Tuesday, June 14, 2016
Lobby (Annenberg Center)

Author(s): Ching-Ching (Claire) Lin

Discussant: Anirban Basu

Diabetes and depression are two of most common chronic conditions that tend to co-occur. Yet like most patients with multiple chronic conditions (MCC), these individuals are less likely to receive guideline-concordant care compared with those with either diabetes or depression only. The two major types of provider for depression care are primary care physicians (PCP) and mental health specialists (MH), including psychiatrists and other non-prescribers, such as psychologists, social workers, family and marriage therapists, and counselors. Research has demonstrated that MH care leads to 10%-20% higher levels of guideline-concordant depression care than PCP in individuals with depression. While depression leads to lower guideline-concordant diabetes care, effect of MH treating depression on guideline-concordant diabetes care is still inconclusive. Further, MH and PCP were not directly compared in individuals with co-occurring diabetes and depression in the past research, and evidence of MH care on guideline-concordant diabetes care in this specific population is less clear.

This study will examine the effect of MH use on guideline-concordant outpatient diabetes care. The conceptual framework, built on the Grossman health production model, illustrates why the effect of MH care on healthcare utilization is ambiguous while diabetes and depression are competing for limited time and money budget. If MH and PCP are somehow substitutional in depression care, MH visit might reduce primary care visit and further lower probability of receiving guideline-concordant diabetes care. On the other hand, if MH and PCP are complementary, MH visit might increase PCP visit and further improves quality of diabetes care.
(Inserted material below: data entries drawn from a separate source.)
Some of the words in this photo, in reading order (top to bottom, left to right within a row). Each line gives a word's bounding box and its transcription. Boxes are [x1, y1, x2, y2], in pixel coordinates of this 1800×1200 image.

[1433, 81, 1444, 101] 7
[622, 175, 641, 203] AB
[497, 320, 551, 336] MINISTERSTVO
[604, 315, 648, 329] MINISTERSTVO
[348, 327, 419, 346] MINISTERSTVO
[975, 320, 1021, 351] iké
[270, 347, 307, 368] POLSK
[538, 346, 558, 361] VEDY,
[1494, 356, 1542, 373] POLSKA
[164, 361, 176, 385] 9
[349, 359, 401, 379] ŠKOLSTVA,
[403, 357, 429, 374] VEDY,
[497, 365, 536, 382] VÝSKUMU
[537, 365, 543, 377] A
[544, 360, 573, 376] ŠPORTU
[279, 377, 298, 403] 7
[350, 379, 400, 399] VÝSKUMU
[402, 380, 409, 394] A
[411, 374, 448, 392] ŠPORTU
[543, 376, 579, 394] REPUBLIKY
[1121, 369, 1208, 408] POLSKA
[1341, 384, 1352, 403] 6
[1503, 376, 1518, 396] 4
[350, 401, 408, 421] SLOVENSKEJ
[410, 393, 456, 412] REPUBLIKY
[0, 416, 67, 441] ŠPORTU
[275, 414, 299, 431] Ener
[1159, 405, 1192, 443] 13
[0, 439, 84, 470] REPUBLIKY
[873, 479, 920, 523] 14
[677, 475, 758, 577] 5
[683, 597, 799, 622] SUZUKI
Therefore, this study aims to empirically examine the effect of mental health specialist care.

This study uses North Carolina Medicaid Claims data and Health Profession Data System (HPDS) from 2006 to 2011. Medicaid beneficiaries with diabetes and depression are included. Two-Stage Residual Inclusion will be estimated to correct potential endogeneity of MH use due to reverse causality between MH use and outcome and omitted variables affecting MH use and outcome simultaneously. Two sets of instrumental variable (IV) will be used: the first set is area-mental health specialist supply, including total supply variables provided by HPDS, and Medicaid provider supply derived from Medicaid claims; the second set is county-level rate of mental health specialist use among Medicaid beneficiaries. The guideline-concordant diabetes care indicators are eye exam at least once a year, HbA1c check twice a year, and LDL test once a year.
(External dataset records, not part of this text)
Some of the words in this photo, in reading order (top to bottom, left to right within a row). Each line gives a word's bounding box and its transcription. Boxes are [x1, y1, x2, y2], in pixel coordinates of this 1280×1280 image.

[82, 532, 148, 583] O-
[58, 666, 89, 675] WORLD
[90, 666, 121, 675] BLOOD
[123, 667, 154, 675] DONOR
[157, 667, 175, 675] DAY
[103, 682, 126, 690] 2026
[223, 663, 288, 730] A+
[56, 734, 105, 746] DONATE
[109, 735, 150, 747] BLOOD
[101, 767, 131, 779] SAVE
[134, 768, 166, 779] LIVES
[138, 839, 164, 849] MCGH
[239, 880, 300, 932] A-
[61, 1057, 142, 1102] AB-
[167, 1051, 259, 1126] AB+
In light of the shortage of mental health specialist and the shifting of depression treatment modality towards pharmacotherapy, defining responsibilities of PCP and MH in caring for persons with depression is challenging. Many studies have suggested that depression can be effectively treated as a chronic condition in primary care settings. As individuals with diabetes and depression are mainly managed at primary care, examining the role of mental health specialist among this population became critical. Results from this study provide implication for the future role of mental health specialist for caring individuals with MCC.